Lorsqu'il est entré dans sa chambre, il n'a point été surpris de
l'état où il l'a trouvé, ayant craint cet évènement depuis son arrivée
en ce lieu. Il avait toujours l'aire inquiet, les yeux souvent
égarés. Il en a même parlé une fois à Monsieur le Président il y a
environ quinze jours, à la suite d'une difficulté qu'il eut avec le
déposant pour son service en raison de laquelle il allat comme
un évaporé chez un des gardes de Monsieur lui demander un fusil ce qui
ne lui était jamais arrivé. Monsieur le Président eut même la bonté de
lui parler. A la suitte, il eut pendant vingt quatre heures
une espèce de fièvre pour laquelle on lui fit garder le lit ; cette
fièvre semblait bien annoncer que ledit Piquet avait l'esprit encore
plus malade que le corps.
Louis André Jullienne, âgé de 42 ans, demeurant ordinairement en l'hôtel de Monsieur le Président Gilbert de Voisins à Paris, de présent au château de Villennes, logé en ce lieu, a également apporté son témoignage.
Il n'avait pas d'autre connaissance des dits faits sinon qu'il croyait avoir entendu le matin pendant qu'il était à sa cuisine un coup sourd qui lui a paru être un coup de fusil ou de pistolet ; il était étonné de croire que ce coup venait d'aussi près mais d'après ce qu'il venait d'avoir vu entrant dans la chambre dudit Piquet, son attitude, un pistolet encore entre ses mains et l'état déplorable où il était, il ne faisait aucun doute qu'il était l'auteur de sa mort. Au surplus, il n'était pas étonné, attendu que, depuis deux ans qu'il était service du seigneur, il avait remarqué que Piquet était d'une humeur très difficile, ayant l'aire évaporé et annonçant dans des moments un esprit toujours inquiet au point que son service avait souvent souffert. Le chef de cuisine ignorait quel pouvait être la cause de cette inquiétude ; il avait seulement oui dire que cela pouvait provenir que ledit Piquet était enmouraché de la femme du chirurgien de ce paÿs qui, ayant perdu l'esprit, était détenu au château de Bicêtre. Ledit Piquet avait aussi prêté de largent à laditte femme sans billet ni reconnaissance, dont il était fort affecté ne sachant pas comment se faire rendre ledit argent. Depuis l'arrivée du Seigneur et de toute sa maison en ce lieu, Piquet avait paru avoir l'esprit encore plus troublé qu'à Paris au point que son service en avait souffert plusieurs fois et lui avait même attiré des reproches de la part du Seigneur.
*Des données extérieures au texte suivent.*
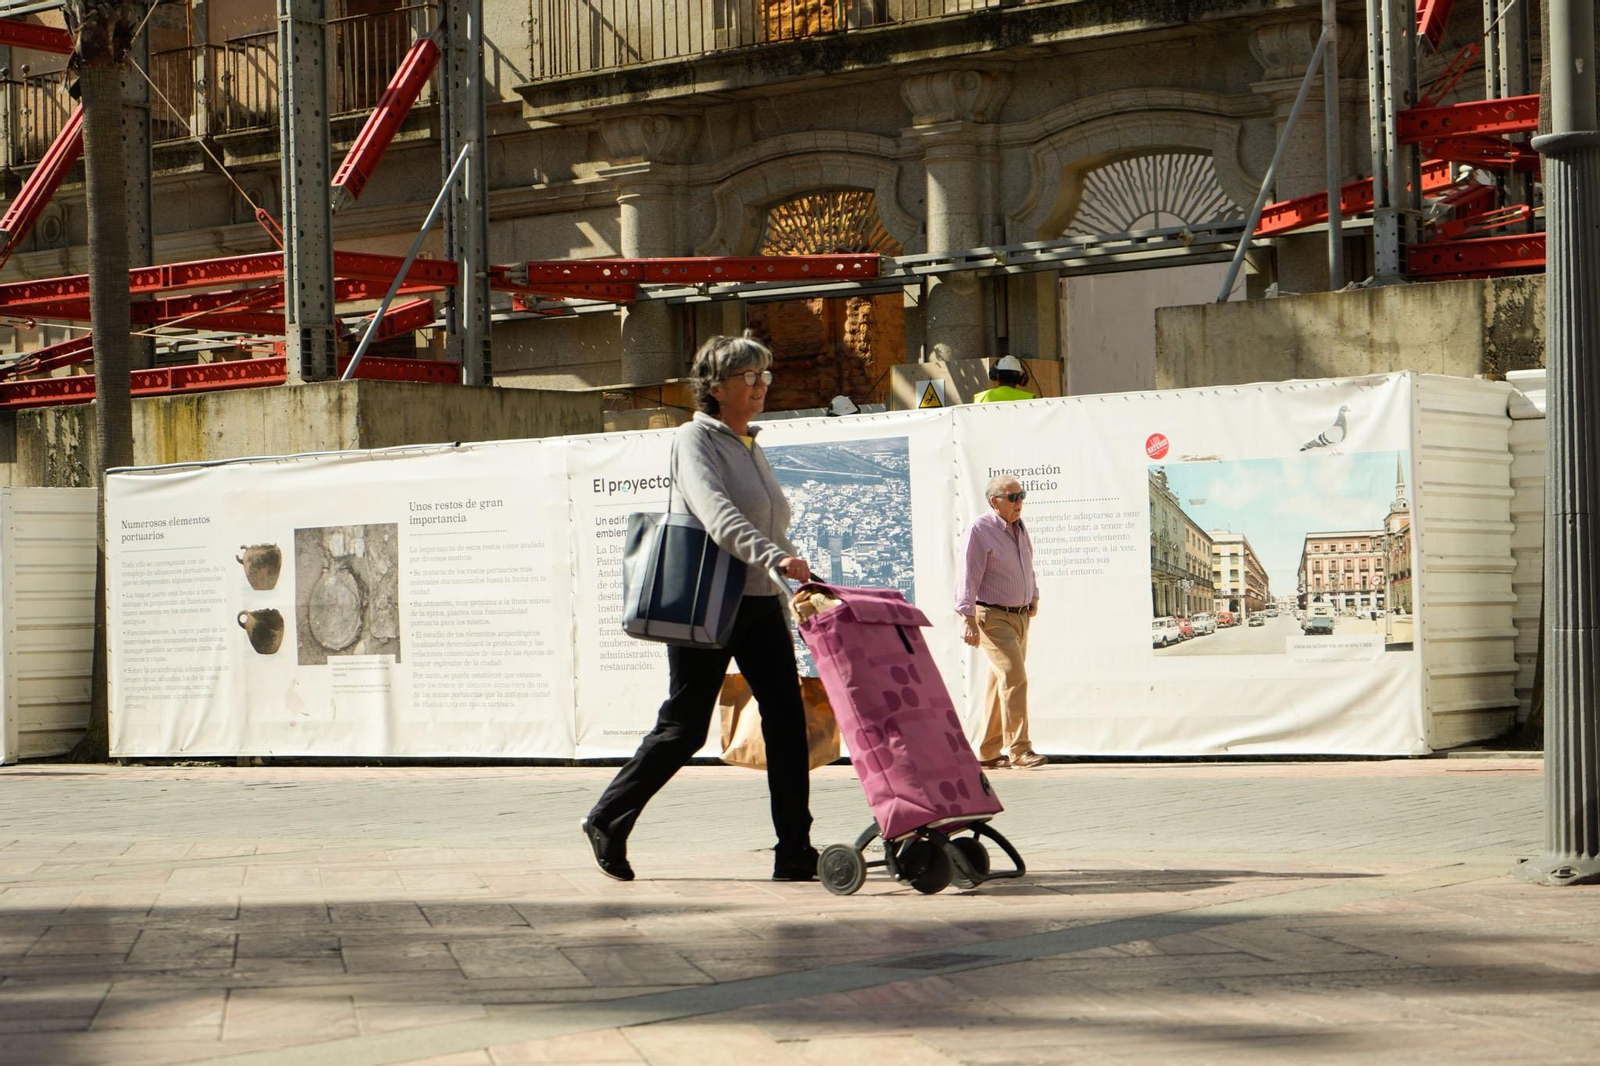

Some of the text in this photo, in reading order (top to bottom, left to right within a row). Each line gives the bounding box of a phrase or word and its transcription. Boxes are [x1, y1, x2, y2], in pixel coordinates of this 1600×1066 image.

[988, 464, 1061, 478] Integración
[593, 475, 671, 496] El proyecto
[1020, 480, 1058, 492] dificio
[409, 499, 503, 511] Unos restos de gran
[409, 513, 467, 527] importancia
[596, 515, 628, 525] Un edifi
[1036, 511, 1071, 523] pretende
[1073, 509, 1113, 521] adaptarse
[1123, 509, 1140, 517] este
[121, 516, 210, 530] Numerosos elementos
[1029, 524, 1055, 535] ncepto
[1054, 523, 1066, 532] de
[1067, 522, 1091, 534] lugar,
[1101, 521, 1123, 530] tenor
[1125, 520, 1136, 529] de
[121, 531, 164, 544] portuarios
[596, 528, 628, 538] emblem
[1033, 534, 1067, 545] factores,
[1093, 531, 1131, 541] elemento
[597, 546, 606, 554] La
[1038, 545, 1081, 557] integrador
[1082, 547, 1100, 555] que,
[1108, 543, 1117, 552] la
[597, 557, 623, 566] Patrim
[1051, 555, 1094, 567] mejorando
[1042, 567, 1054, 576] las
[1055, 567, 1068, 576] del
[1070, 566, 1105, 575] entorno.
[598, 592, 623, 600] destin
[598, 604, 624, 612] institu
[600, 650, 662, 659] administrativo,
[600, 662, 655, 671] restauración.
Piquet n'avait point assisté au dîner de l'office. Le déposant avait oui dire qu'il avait passé l'après-midi à aller à Saint Germain probablement pour achetter le pistolet avec lequel il paraissait s'être tué. Il n'a paru à la cuisine qu'à huit heures ayant les yeux plus égarés qu'à l'ordinaire. Ayant mis un tabellier autour de lui, il n'a fait autre chose que de se promener dans la cuisine autour de la table comme un vrai foux. Si le déposant n'avait craint quelques durettés de la part de Piquet, il lui aurait conseillé de se coucher n'étant pas en état de rien faire. Il n'a effectivement rien fait de la soirée ; il n'est point venu souper à l'office et a été se coucher.
Me François Saget requit que l'information soit continuée à sa requête et que les scellés soient apposés sur les effets de Piquet jusqu'au transport de son cadavre à la morgue de ce lieu et jusqu'à ce que par justice il en ait été décidé autrement.
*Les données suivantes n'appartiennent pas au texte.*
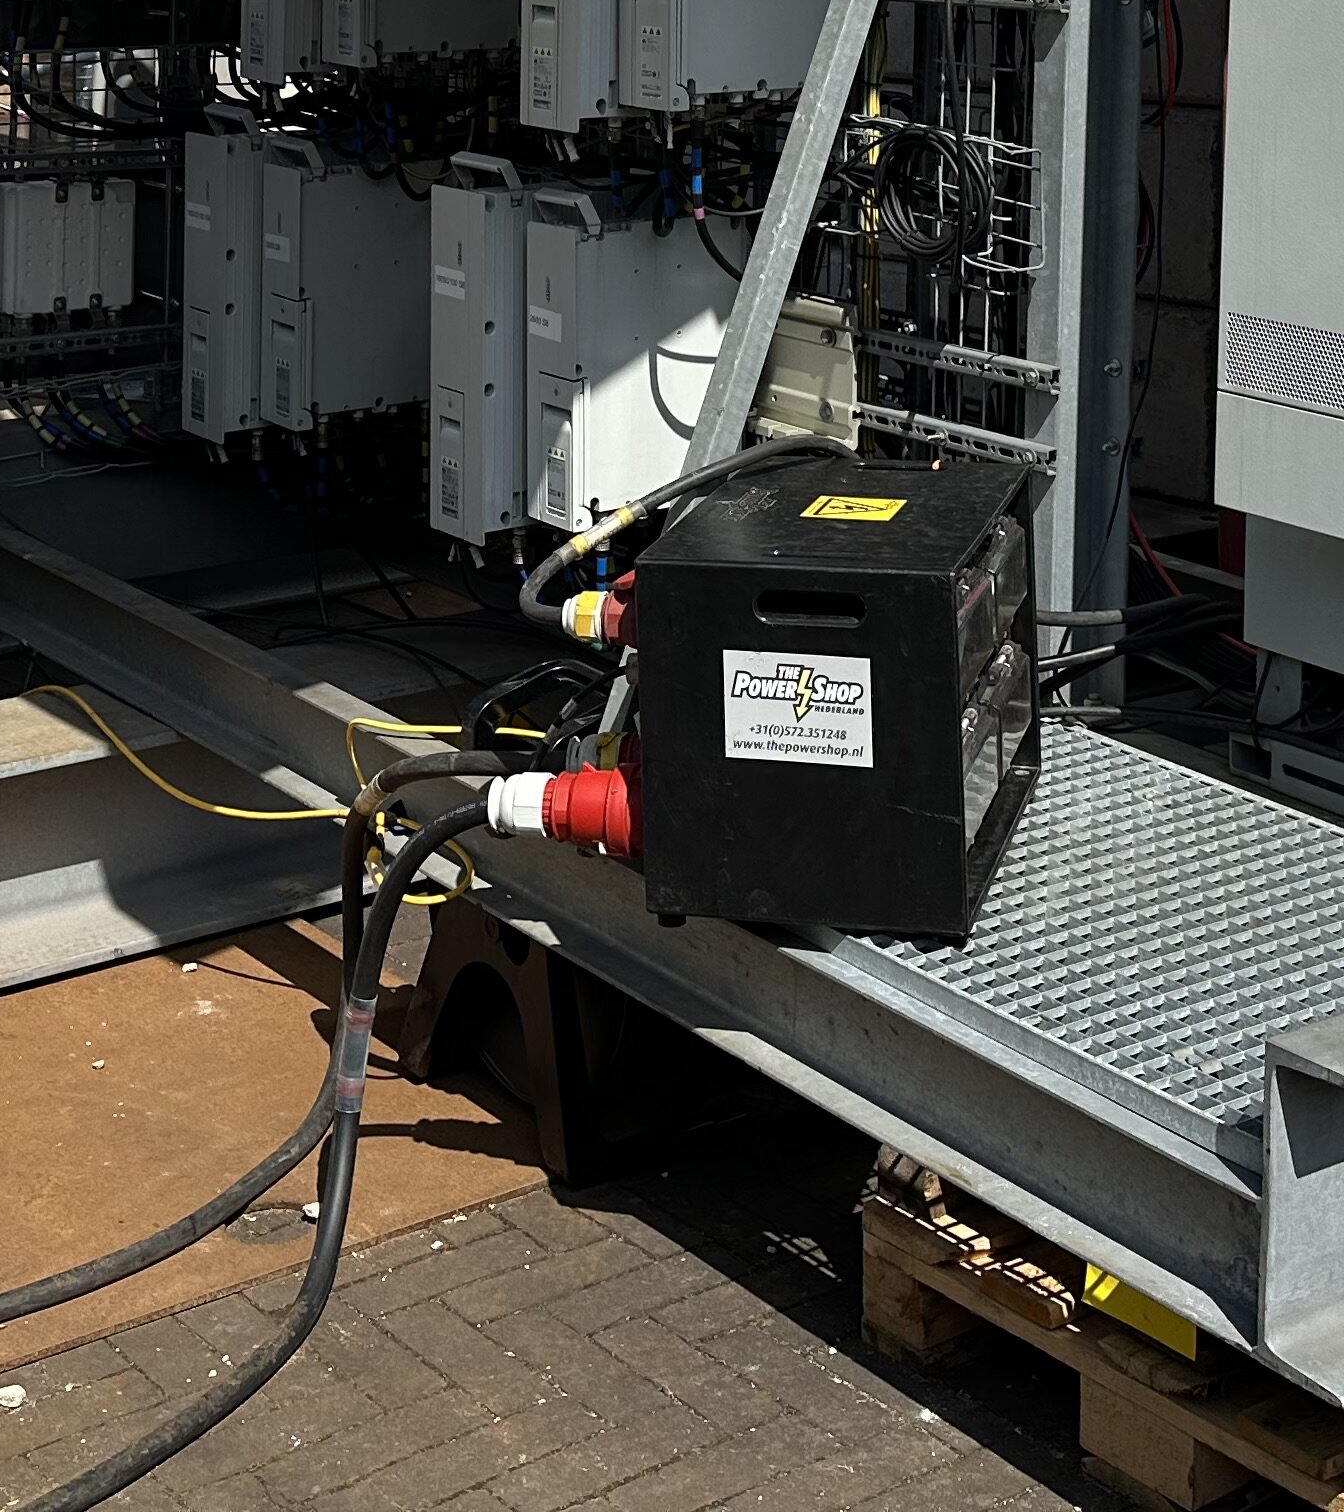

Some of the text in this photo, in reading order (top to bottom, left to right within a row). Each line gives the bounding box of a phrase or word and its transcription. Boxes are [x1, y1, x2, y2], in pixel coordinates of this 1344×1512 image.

Attendu ce qui résulte de l'information que Piquet paraissait ne s'être porté à se défaire que par suite de l'aliénation d'esprit où il était tombé depuis environ deux ans, il sera enceveli et mis dans un coin de terre près du cimetière de l'église de ce lieu.
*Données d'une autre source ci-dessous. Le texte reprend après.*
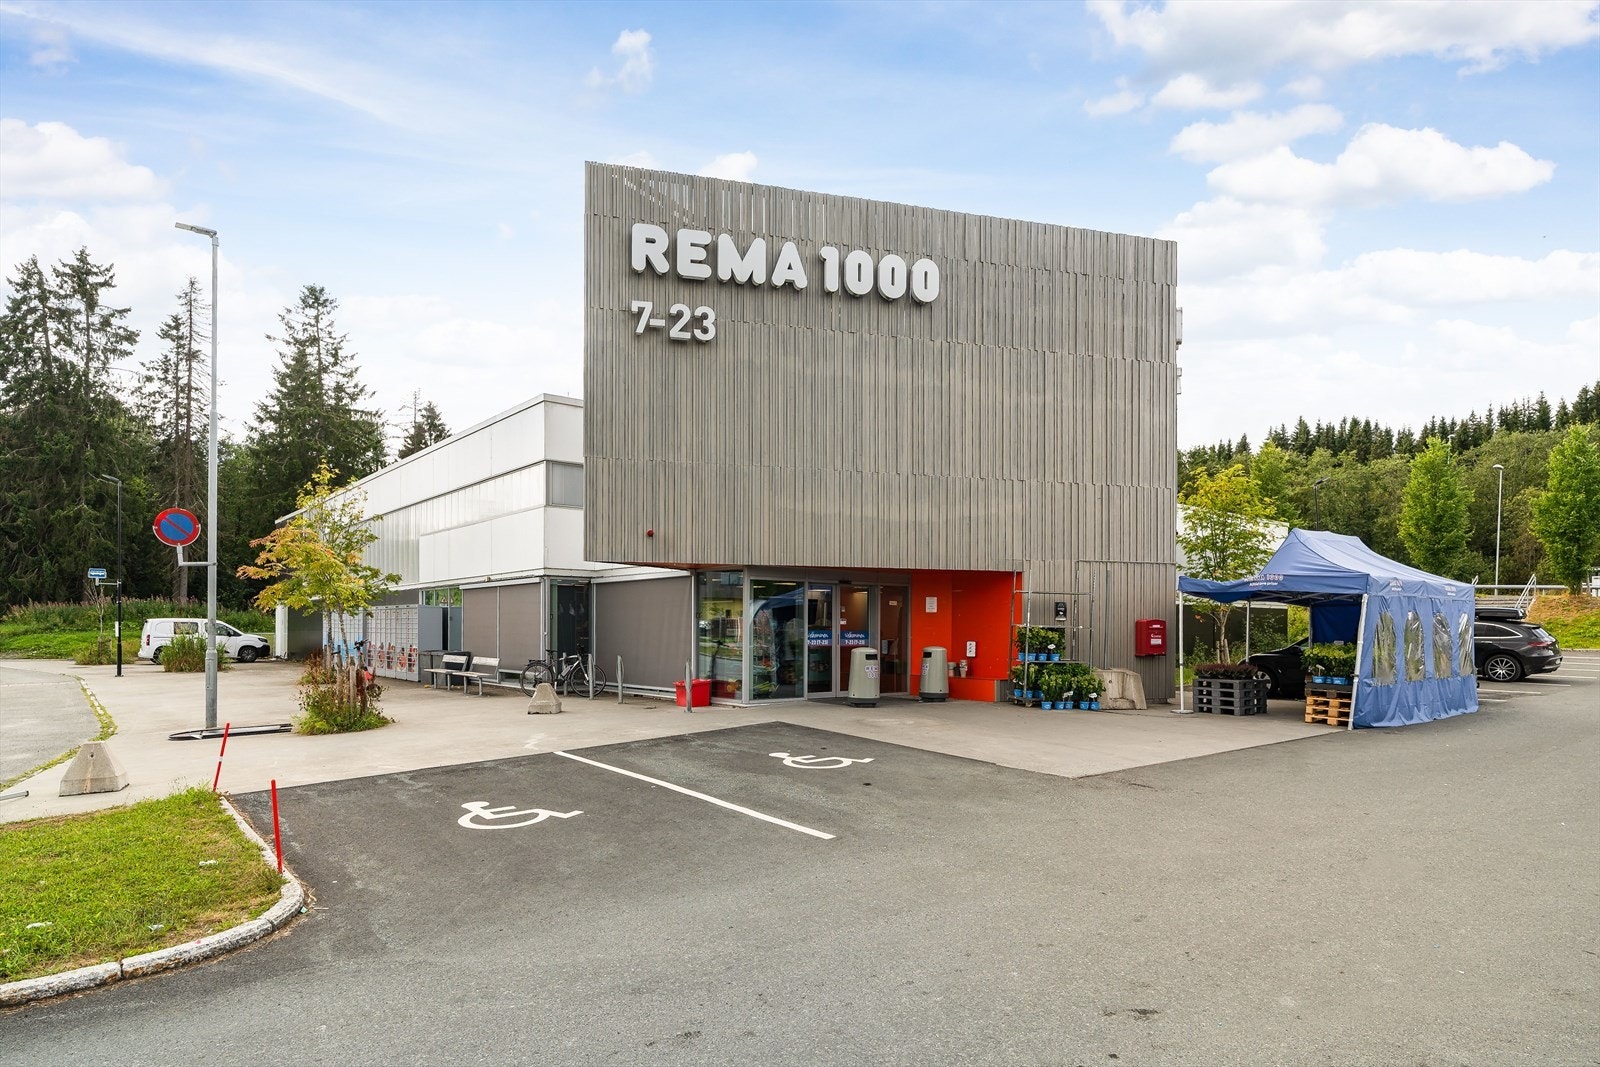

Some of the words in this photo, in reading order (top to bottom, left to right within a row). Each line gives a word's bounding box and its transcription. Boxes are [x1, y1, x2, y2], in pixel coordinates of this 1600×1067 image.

[631, 223, 808, 290] REMA
[819, 246, 940, 305] 1000
[631, 300, 716, 343] 7-23
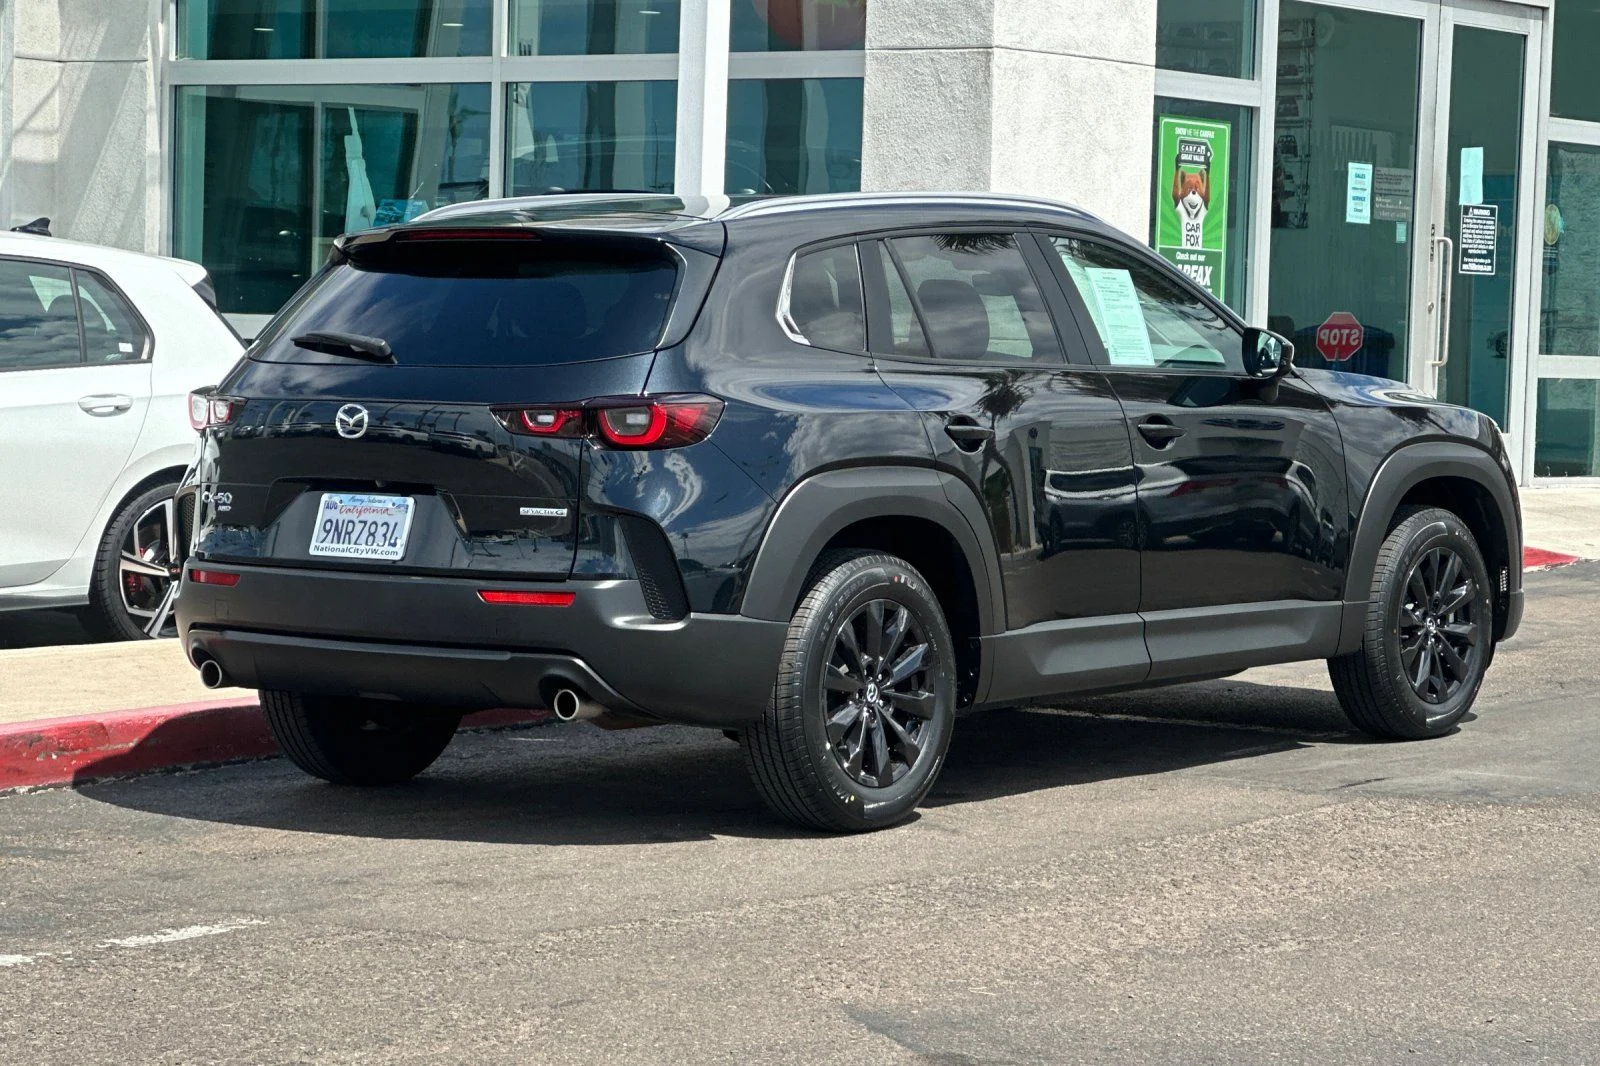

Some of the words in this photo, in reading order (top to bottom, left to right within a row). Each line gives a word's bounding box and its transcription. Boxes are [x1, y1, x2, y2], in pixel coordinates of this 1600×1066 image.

[1185, 222, 1200, 233] CAR
[1185, 234, 1200, 247] FOX
[1176, 251, 1189, 260] Check
[340, 505, 393, 518] California
[313, 544, 399, 557] NationalCityVW.com
Le juge Lemoine d'Herbe s'est transporté, assisté du procureur fiscal et du greffier, dans la chambre de Piquet afin de faire l'inventaire des effets dépendant de sa succession. Il a désigné le Sr Soyé, concierge, dépositaire judiciaire de ces effets, dont la prisée sera faite par Paul Debigot, huissier ordinaire de la prévôté. Celui-ci en a fait ensuite un inventaire, avec une description très précise.
Le prénom de Piquet restait inconnu, non précisé dans son acte de décès du registre d'état-civil de Villennes à la date du 18 octobre 1779. Les initiales I. P. sur un epatte du col de mousseline, trouvé dans son armoire, semblaient indiquer qu'il commençait par la lettre I.
Sa date de naissance n'était pas connue. Les témoins du décès étaient le régisseur, Jacques Nicolas Soyé, et le garde des chasses, Sébastien Fortel.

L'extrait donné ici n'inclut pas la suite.